++++ Material provided

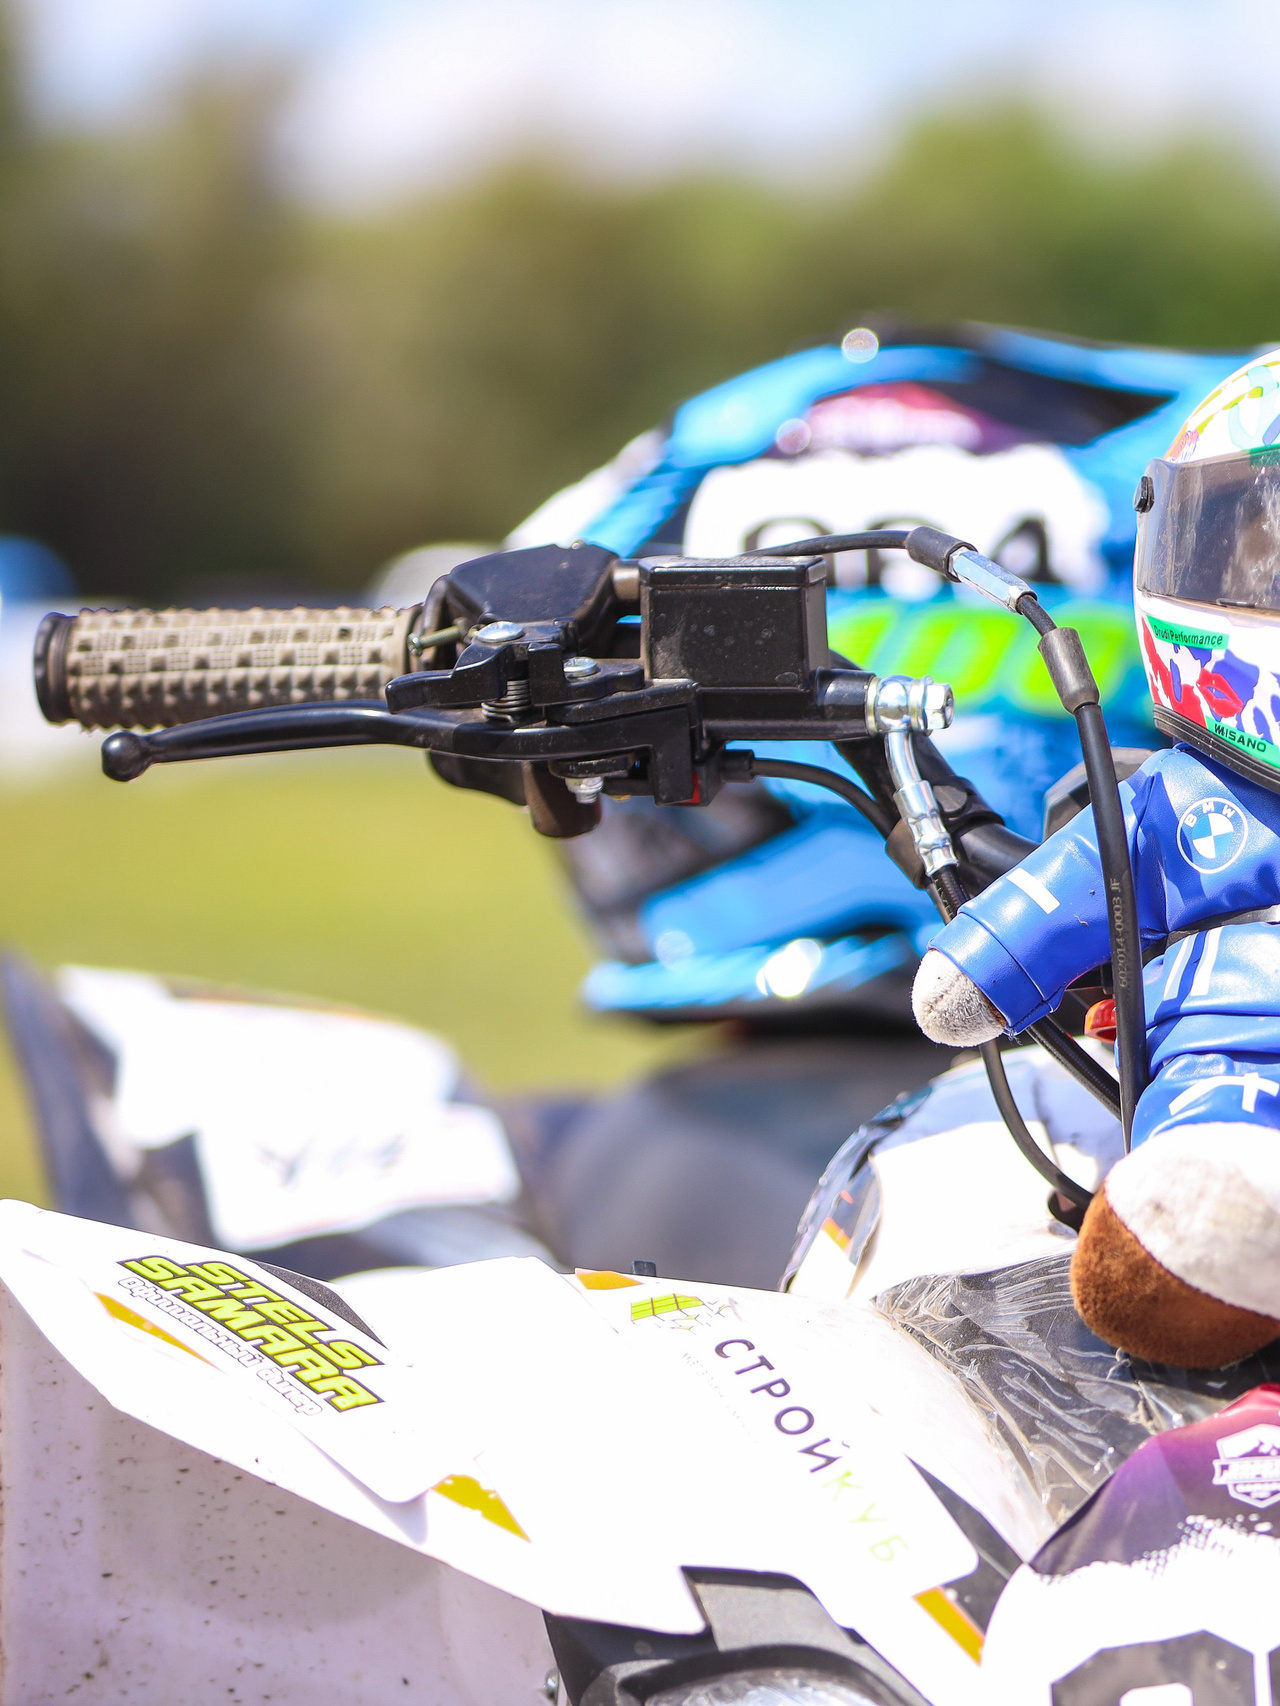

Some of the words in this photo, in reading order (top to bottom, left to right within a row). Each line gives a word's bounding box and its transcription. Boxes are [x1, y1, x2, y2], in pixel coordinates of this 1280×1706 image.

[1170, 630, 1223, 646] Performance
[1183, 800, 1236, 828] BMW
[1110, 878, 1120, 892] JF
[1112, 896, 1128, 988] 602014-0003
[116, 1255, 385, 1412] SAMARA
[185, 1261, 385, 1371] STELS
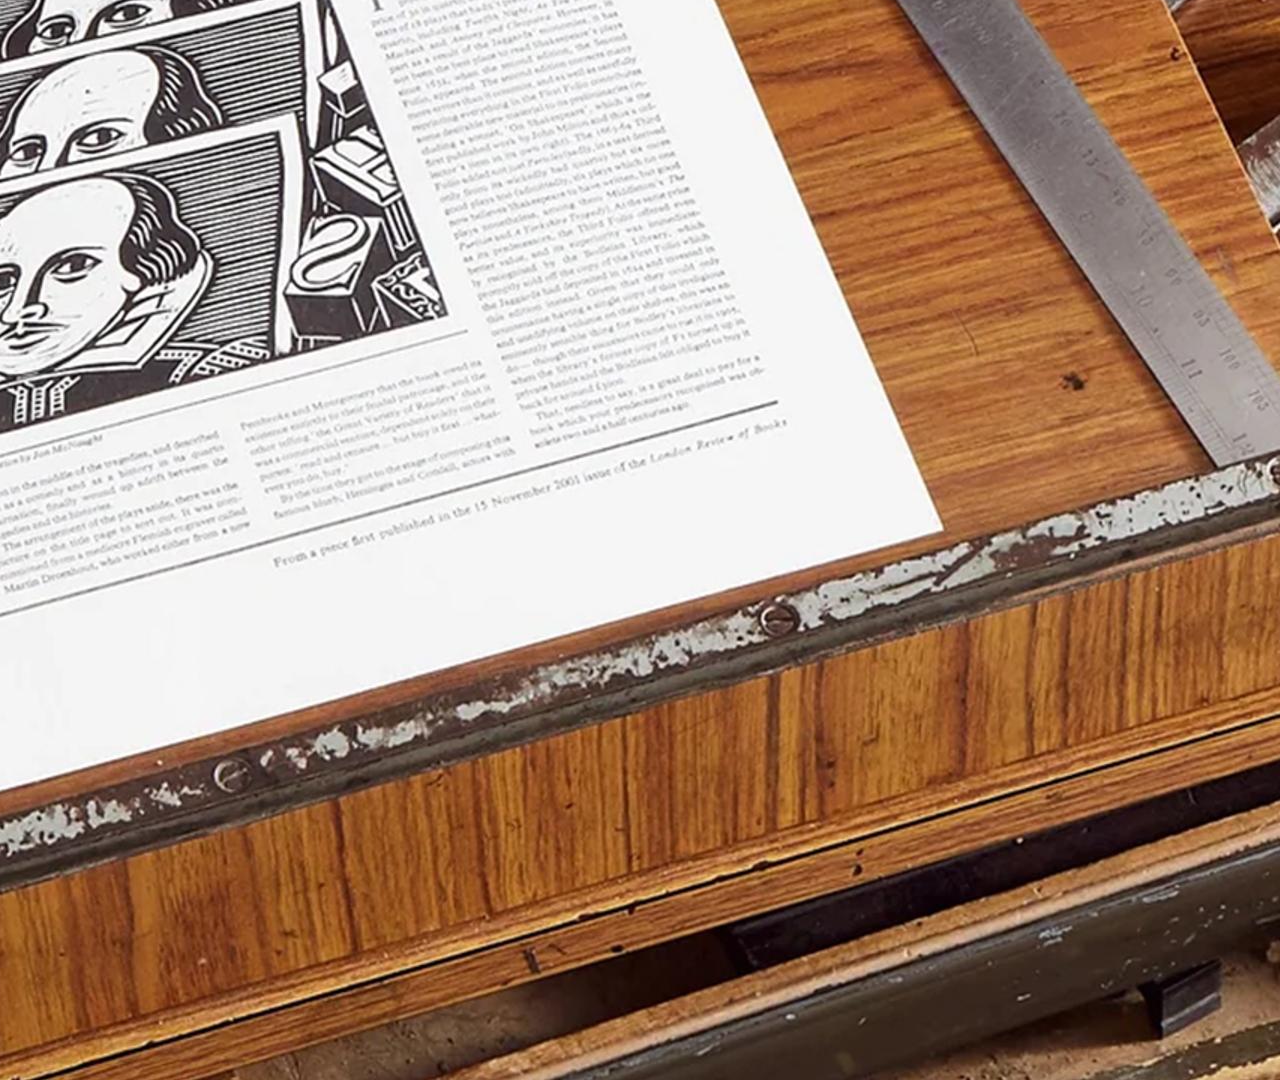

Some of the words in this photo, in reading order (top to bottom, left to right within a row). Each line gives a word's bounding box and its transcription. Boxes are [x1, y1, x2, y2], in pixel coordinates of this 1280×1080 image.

++++++++

▶ Exercise directions: With the pictures left out, return all the material above exactly.

▶ Output:
Some of the words in this photo, in reading order (top to bottom, left to right within a row). Each line gives a word's bounding box and its transcription. Boxes are [x1, y1, x2, y2], in pixel coordinates of this 1280×1706 image.

[1170, 630, 1223, 646] Performance
[1183, 800, 1236, 828] BMW
[1110, 878, 1120, 892] JF
[1112, 896, 1128, 988] 602014-0003
[116, 1255, 385, 1412] SAMARA
[185, 1261, 385, 1371] STELS

Some of the words in this photo, in reading order (top to bottom, left to right within a row). Each line gives a word's bounding box and its transcription. Boxes are [x1, y1, x2, y2], in pixel coordinates of this 1280×1080 image.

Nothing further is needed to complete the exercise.